**What you will do**
Print out each entry below exactly; do not carry over any image.

**Stored data**
****************

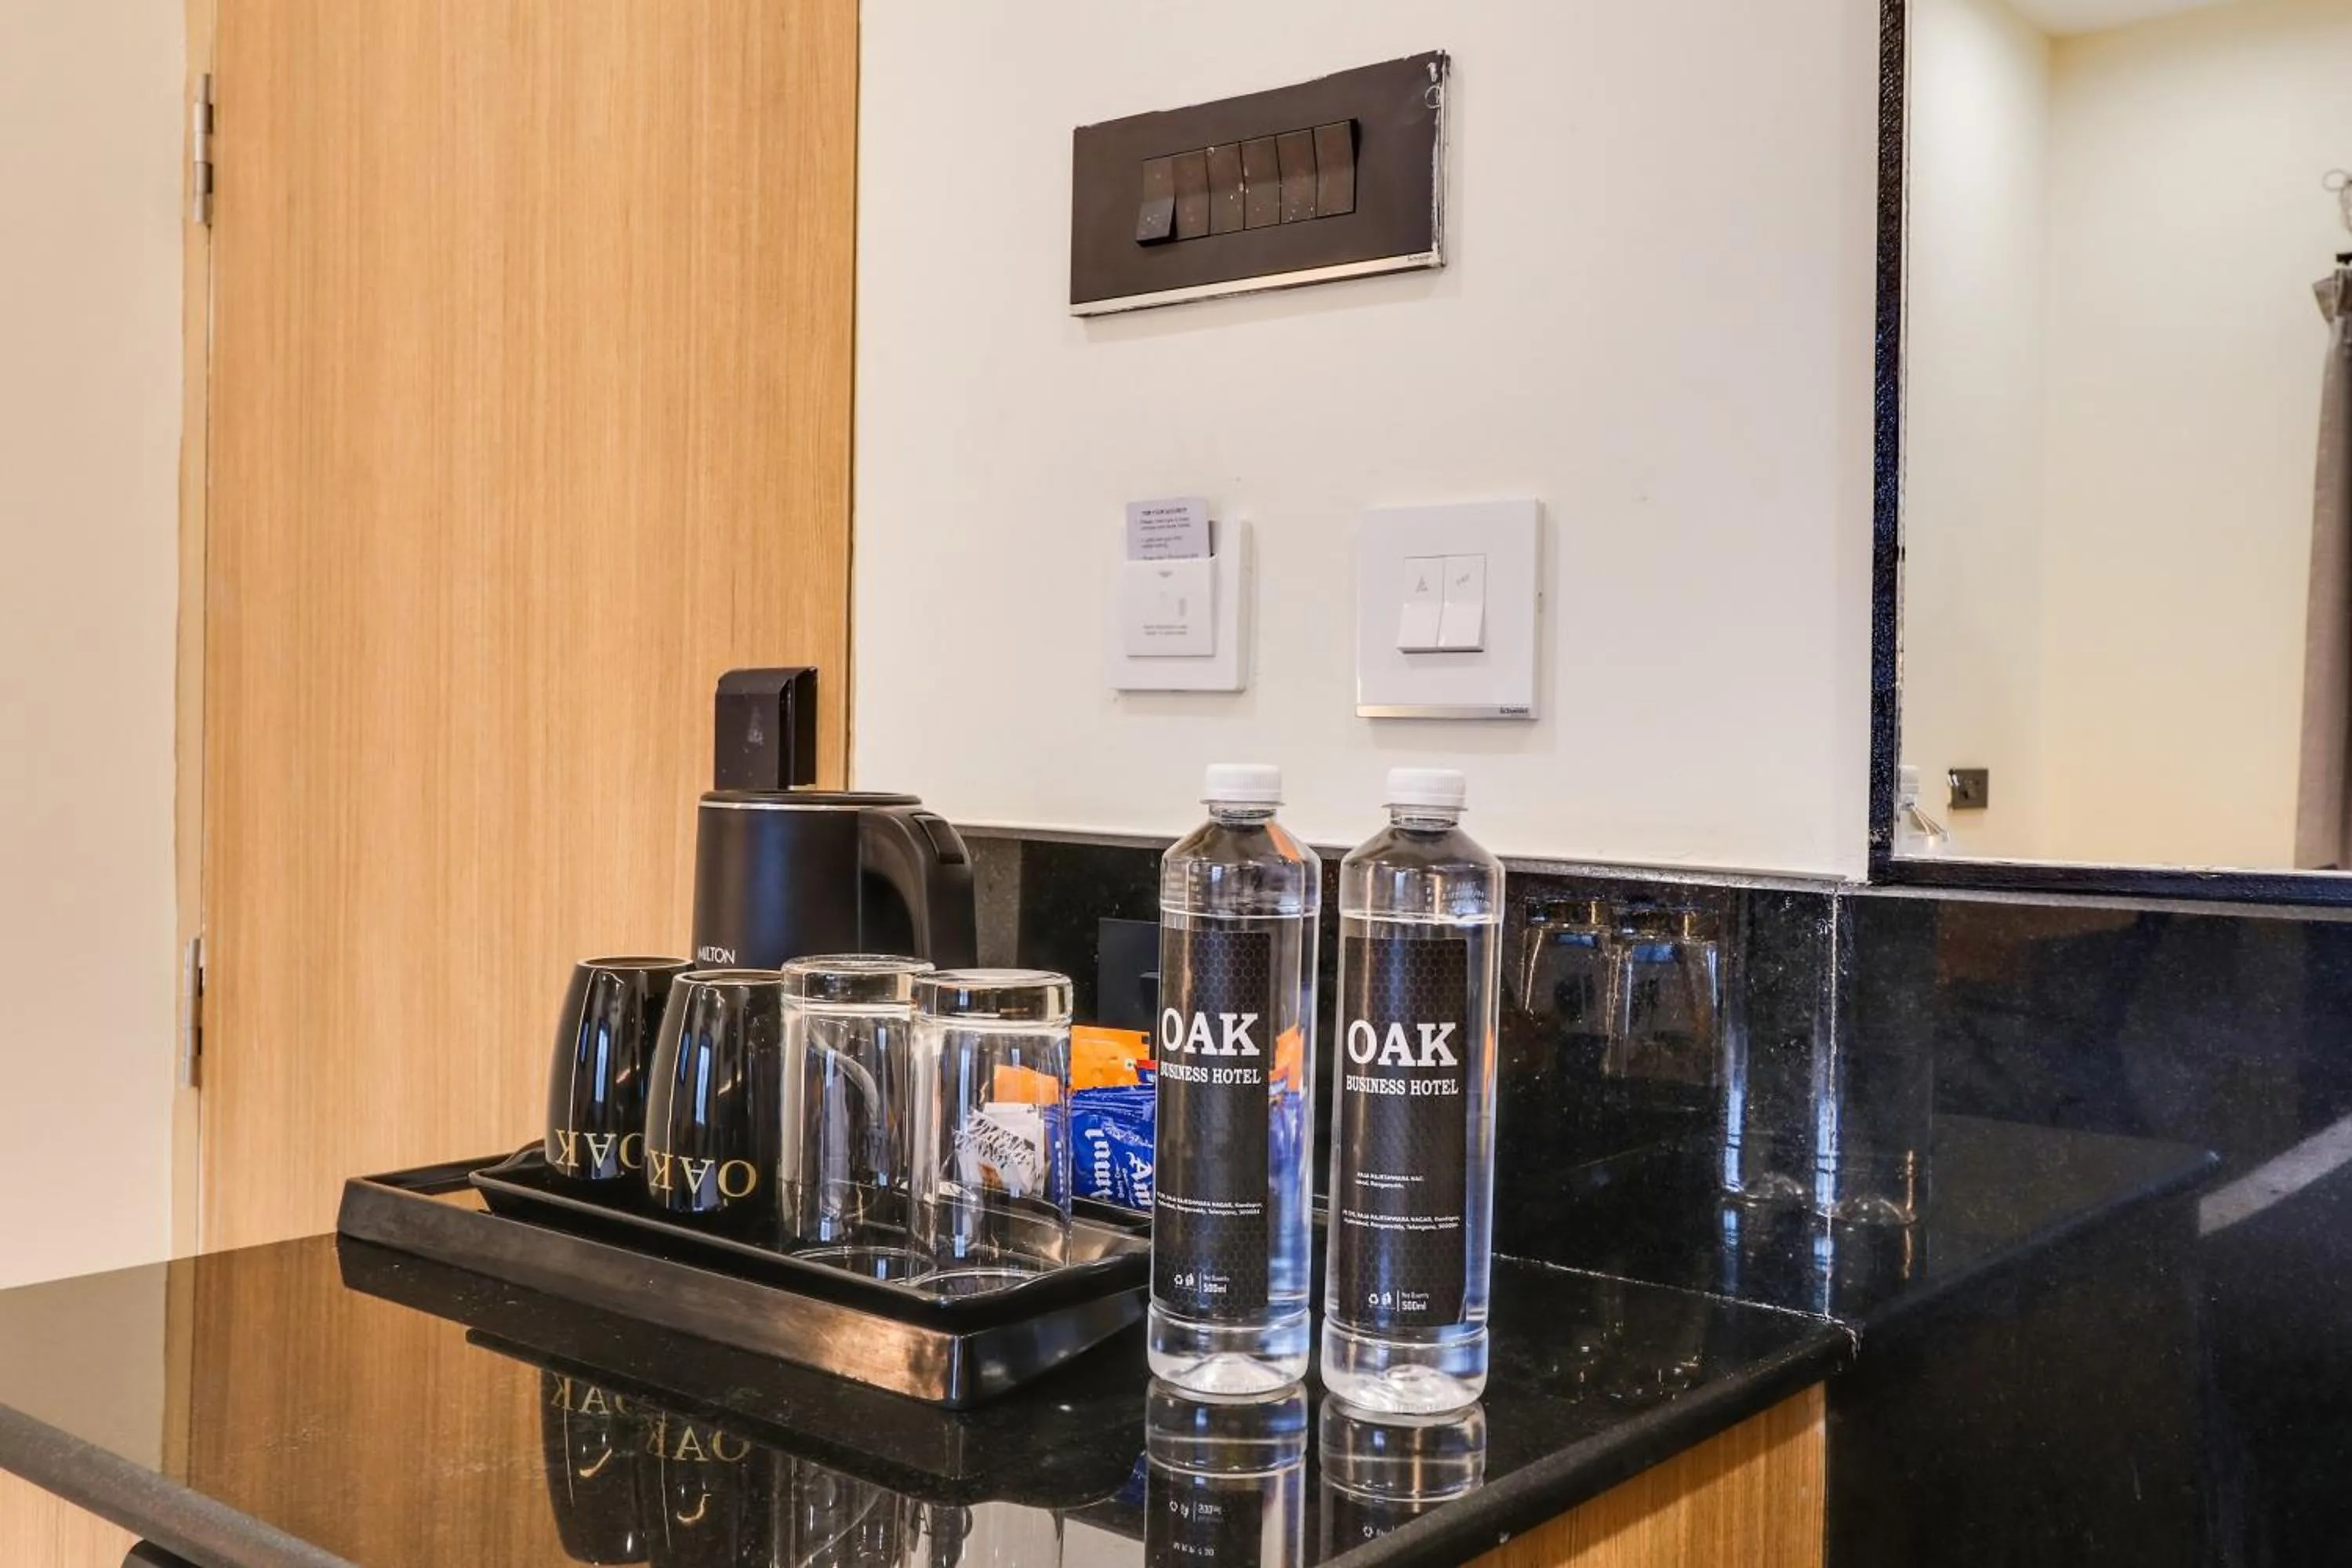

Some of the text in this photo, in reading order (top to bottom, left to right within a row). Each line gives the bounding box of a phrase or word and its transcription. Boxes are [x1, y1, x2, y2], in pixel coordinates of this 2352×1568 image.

[698, 946, 736, 964] MILTON
[1161, 1007, 1260, 1056] OAK
[1348, 1020, 1458, 1067] OAK
[1160, 1061, 1208, 1083] BUSINESS
[1212, 1068, 1261, 1084] HOTEL
[1346, 1075, 1459, 1095] BUSINESS HOTEL
[649, 1149, 757, 1197] OAK
[1401, 1301, 1427, 1311] 500ml

****************

**Completed exercise**
Some of the text in this photo, in reading order (top to bottom, left to right within a row). Each line gives the bounding box of a phrase or word and its transcription. Boxes are [x1, y1, x2, y2], in pixel coordinates of this 2352×1568 image.

[698, 946, 736, 964] MILTON
[1161, 1007, 1260, 1056] OAK
[1348, 1020, 1458, 1067] OAK
[1160, 1061, 1208, 1083] BUSINESS
[1212, 1068, 1261, 1084] HOTEL
[1346, 1075, 1459, 1095] BUSINESS HOTEL
[649, 1149, 757, 1197] OAK
[1401, 1301, 1427, 1311] 500ml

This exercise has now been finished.